Emerging as one of the world’s most innovative cybersecurity companies, Darktrace uses behavioural analysis to detect the early signs of a cyberattack on a network. You only need spin through the news to see just how rapidly the cybersecurity market is growing as governments and organisations throw money at it.
The US cybersecurity market was valued at $156.5 billion in 2019, yet by 2027 that is expected to have grown to $326.4 billion, according to forecasts by Grand View Research.
Darktrace is starting to consistently deliver rampant growth while improving its ability to generate more money per customer through upselling.

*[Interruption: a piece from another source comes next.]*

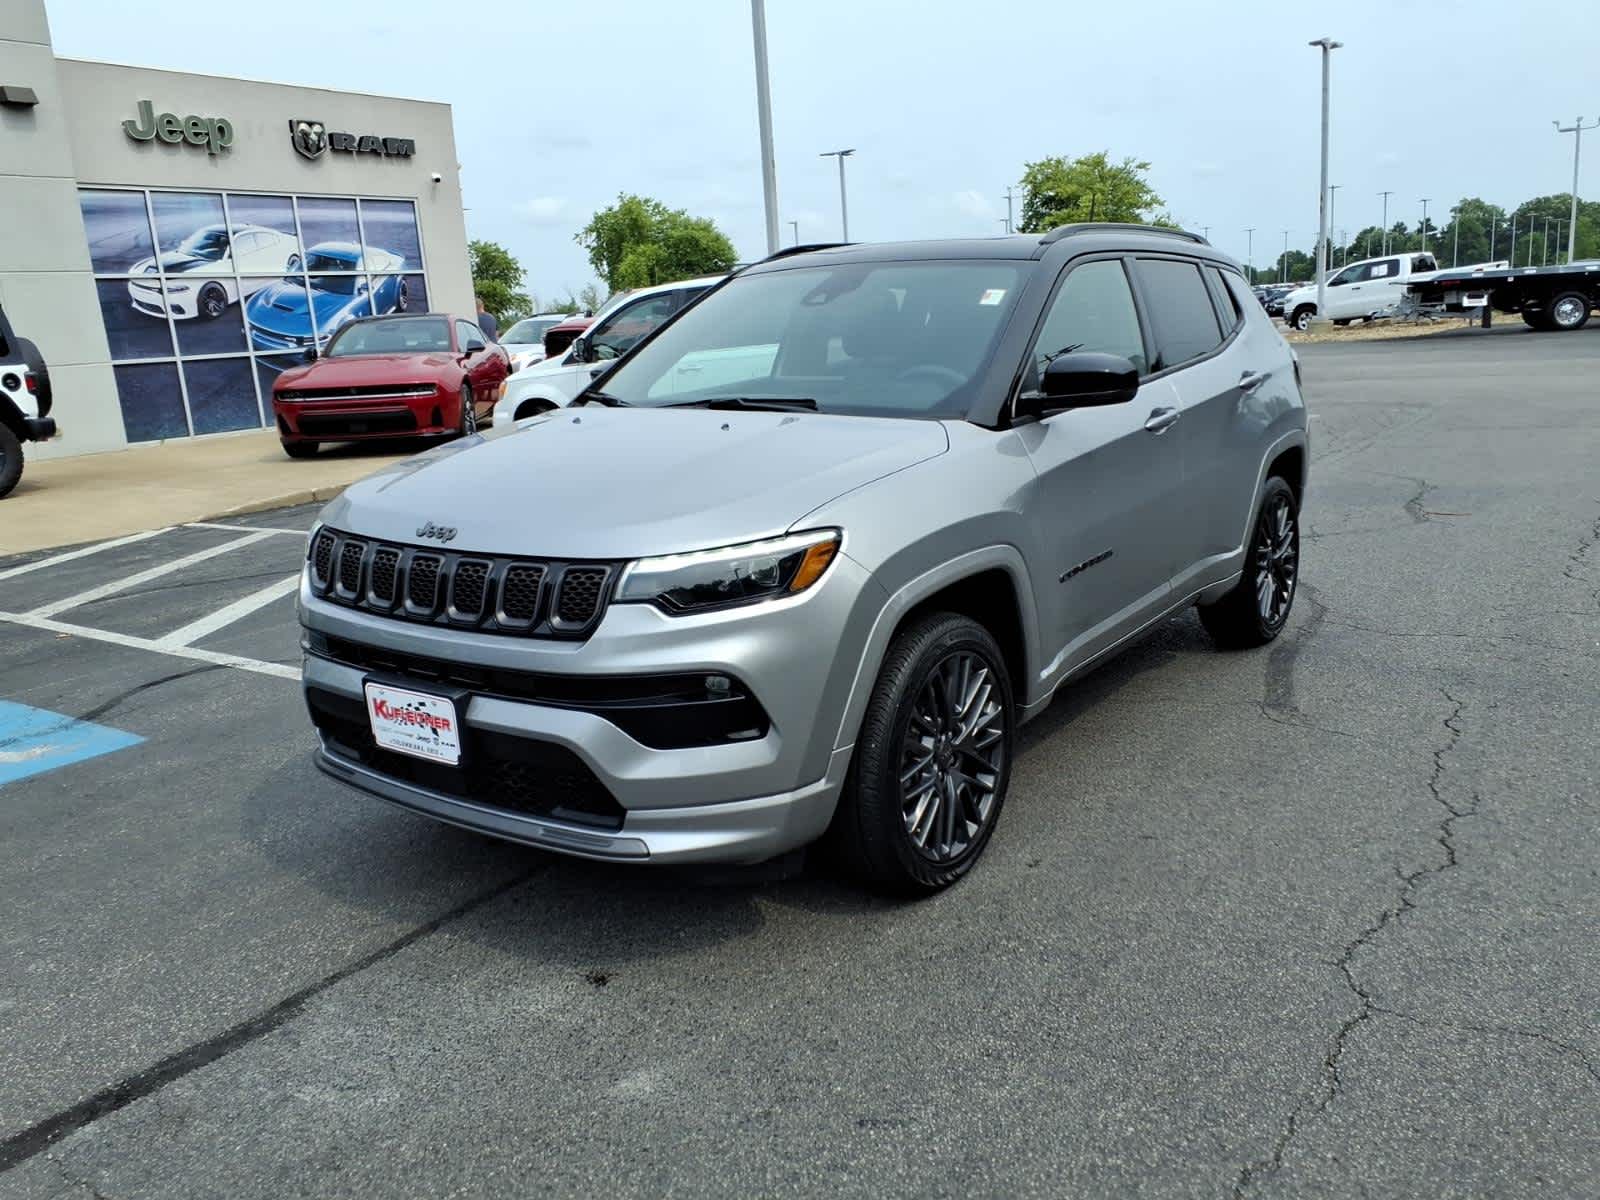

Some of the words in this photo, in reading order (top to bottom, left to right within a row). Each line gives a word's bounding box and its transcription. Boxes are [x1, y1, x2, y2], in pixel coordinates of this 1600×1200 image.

[122, 100, 234, 154] Jeep
[328, 131, 416, 157] RAM
[416, 520, 457, 544] Jeep

To sustain this momentum the company may have to bolster its sales teams, which may not be easy or cheap to do given the relative shortage of skills. Investors also need to watch client churn, which has typically run at around 7% a year.
Details on upselling and churn are not published quarterly so we’ll have to wait for full-year results in September for further detail.
The share price has been volatile in its short stock market life and that may continue over the coming years which means this is not a suitable investment for nervous individuals.
A sell-off in the past six months has left the shares trading up to 70% cheaper than peers such as Zscaler (ZS:NASDAQ), Okta (OKTA:NASDAQ) and Crowdstrike (CRWD:NASDAQ) on an enterprise value to sales basis, says Berenberg.
Use the current share price weakness to take a position in Darktrace as the stock could fly once the market stops worrying so much about inflationary pressures and rising interest rates.